Judge Julia Gibbons (6th Cir.), chair of the Judicial Conference Budget
Committee, said in a House appropriations hearing in early April 2006. “With the
gains you helped us achieve in FY 2006, we are on the brink of setting a new
course that will restore the financial health of the federal court system. But
it will take the resources we seek in our FY 2007 budget request to accomplish
that goal and to avoid a repeat of the staffing losses that occurred in FY 2004
and FY 2005.”
Gibbons appeared before the House Appropriations Subcommittee on
Transportation, Treasury, Housing and Urban Development, the Judiciary, District
of Columbia and Independent Agencies, with Director of the Administrative Office
Leonidas Ralph Mecham. Gibbons noted that this was Director Mecham’s final
appearance at an appropriations hearing. The longest serving director of the AO,
Mecham has announced his retirement. Both Subcommittee Chair Joe Knollenberg
(R-MI) and Ranking Minority Member John W. Olver (D-MA) congratulated Mecham on
his many years of service to the federal Judiciary.

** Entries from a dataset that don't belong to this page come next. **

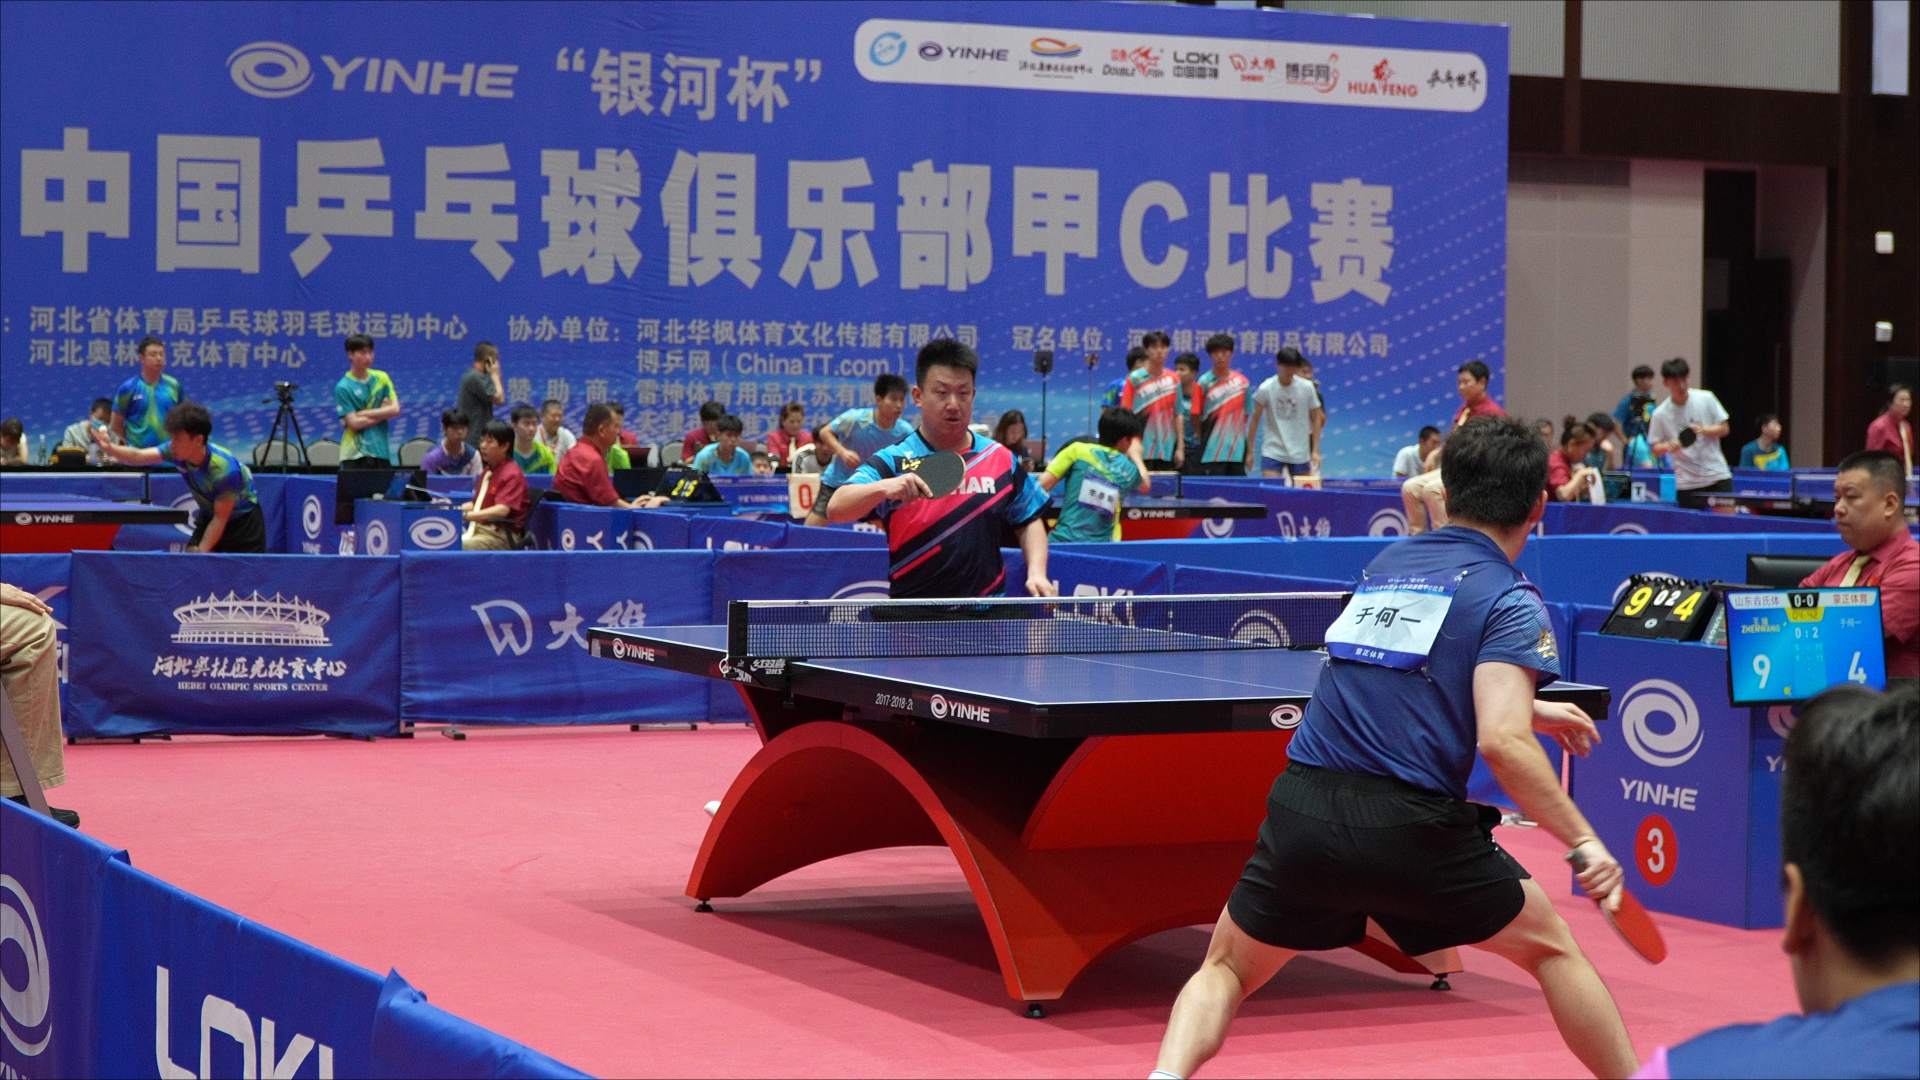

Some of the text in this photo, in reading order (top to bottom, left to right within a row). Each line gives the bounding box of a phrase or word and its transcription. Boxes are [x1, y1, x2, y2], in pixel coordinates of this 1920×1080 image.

[947, 47, 1008, 61] YINHE
[1173, 52, 1219, 65] LOKI
[321, 55, 519, 99] YINHE
[1102, 64, 1136, 77] DOUBLE
[1348, 80, 1419, 97] HUA FENG
[20, 127, 1395, 305] 中国乒乓球俱乐部甲C比赛
[30, 306, 468, 340] 河北省体育局乒乓球羽毛球运动中心
[29, 339, 307, 368] 河北奥林克体育中心
[34, 514, 74, 524] YINHE
[1143, 510, 1176, 518] YINHE
[1624, 586, 1653, 616] 9
[1673, 591, 1702, 621] 4
[1794, 594, 1814, 607] 0-0
[1356, 606, 1421, 628] 于何一
[625, 643, 655, 662] YINHE
[1752, 654, 1771, 689] 9
[1848, 651, 1867, 684] 4
[178, 682, 328, 692] HEBEI OLYMPIC SPORTS CENTER
[948, 701, 991, 723] YINHE
[1620, 778, 1698, 811] YINHE
[1647, 828, 1665, 874] 3

The Judiciary is requesting $6.26 billion for FY 2007, a 9.4 percent overall
increase above FY 2006 available appropriations, and an 8.3 percent increase for
the courts’ Salaries and Expenses account. Funding requirements essentially
reflect basic operating costs, predominantly for personnel and space
requirements. Of the $540 million increase requested for FY 2007, a total of
$462 million, or 86 percent of the requested increase, represents must-pay items
such as pay and benefit increases, space rental increases, panel attorney
payments, and general inflationary increases for Judiciary programs.

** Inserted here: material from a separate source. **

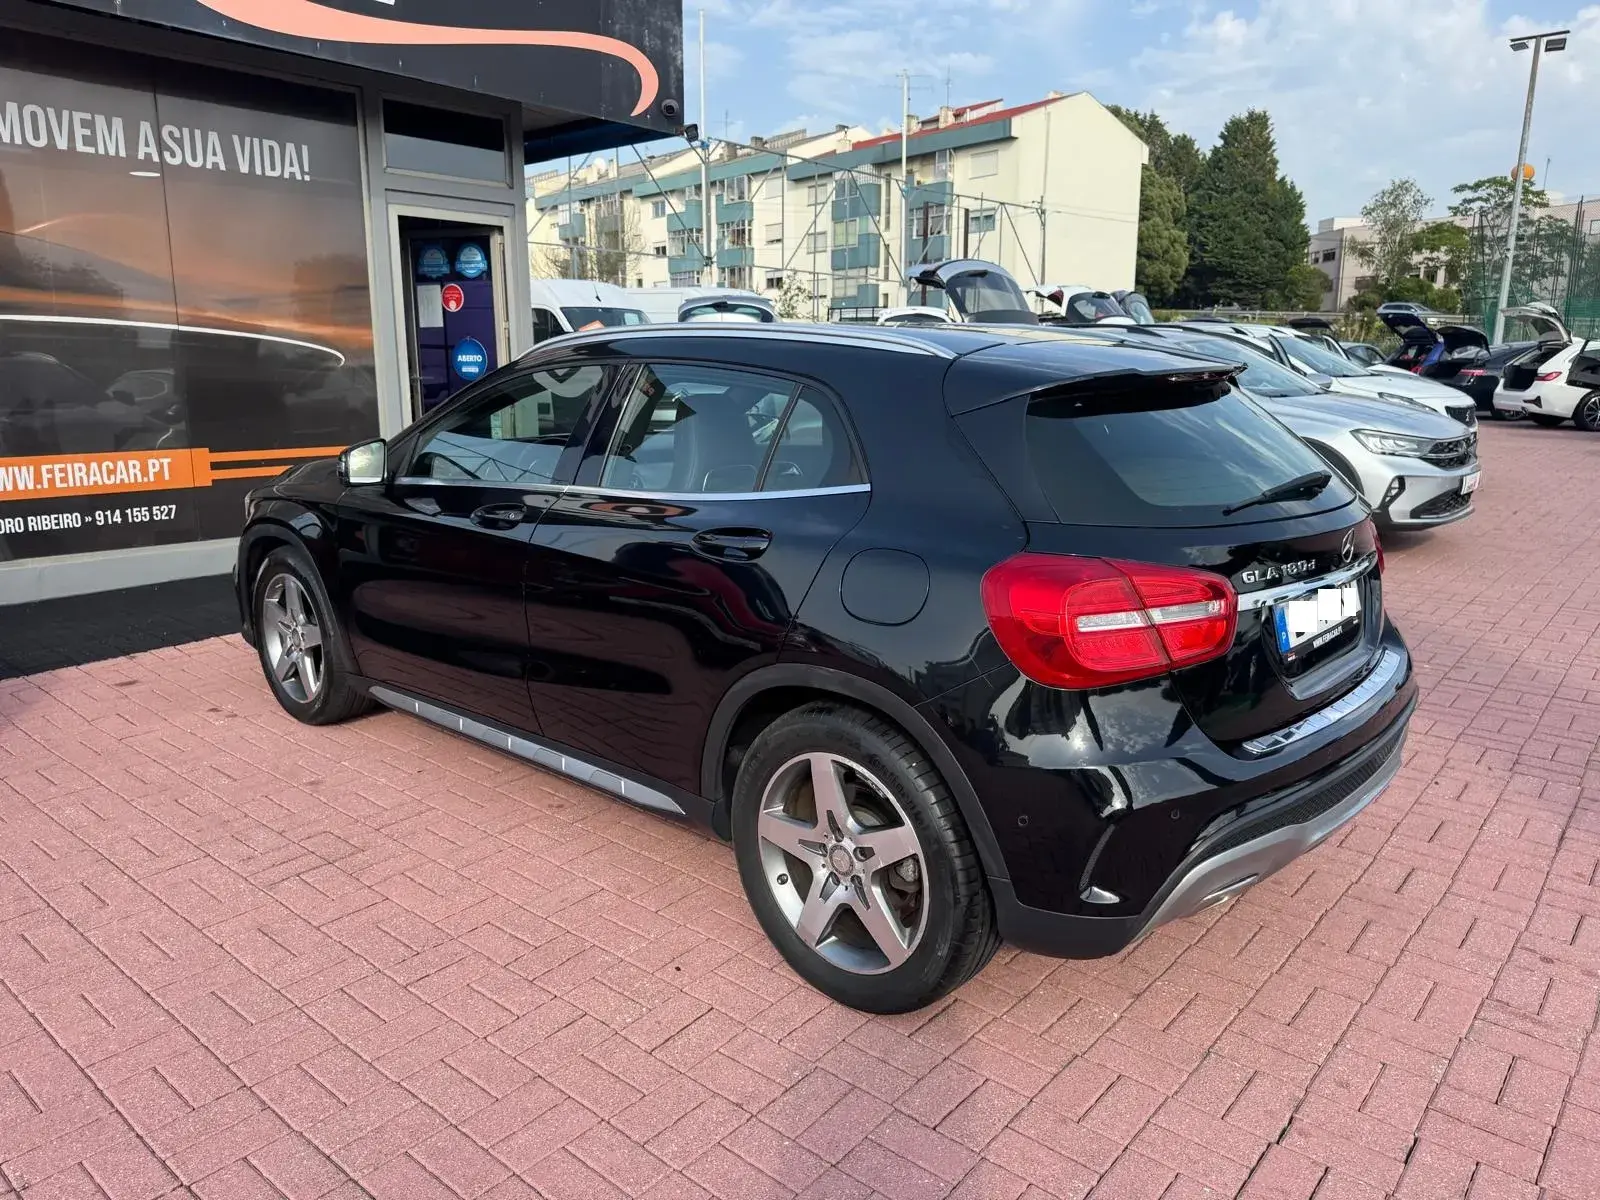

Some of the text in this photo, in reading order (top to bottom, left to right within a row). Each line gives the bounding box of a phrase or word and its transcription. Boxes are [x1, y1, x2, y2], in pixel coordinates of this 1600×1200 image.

“We believe this level of funding represents the minimum amount required to
meet our constitutional and statutory responsibilities,” said Gibbons.
In a response to a question from the subcommittee about judges’ pay, Gibbons
endorsed a substantial pay increase for judges and court staff. Mecham strongly
supported her response and expressed concern about Executive Branch pay and
incentives, which can be as high as $212,000 per year. In contrast, judges
receive far less and court staff may only receive a maximum of $162,000
Gibbons cited several factors that have added to the courts’ workload in the
last year. Actions taken by the Department of Homeland Security and the
Department of Justice have increased immigration cases in the southwest border
courts by 68 percent since 2001 and related appeals 19 percent in the same
period. Also, issues raised in the Supreme Court decisions in U.S. v.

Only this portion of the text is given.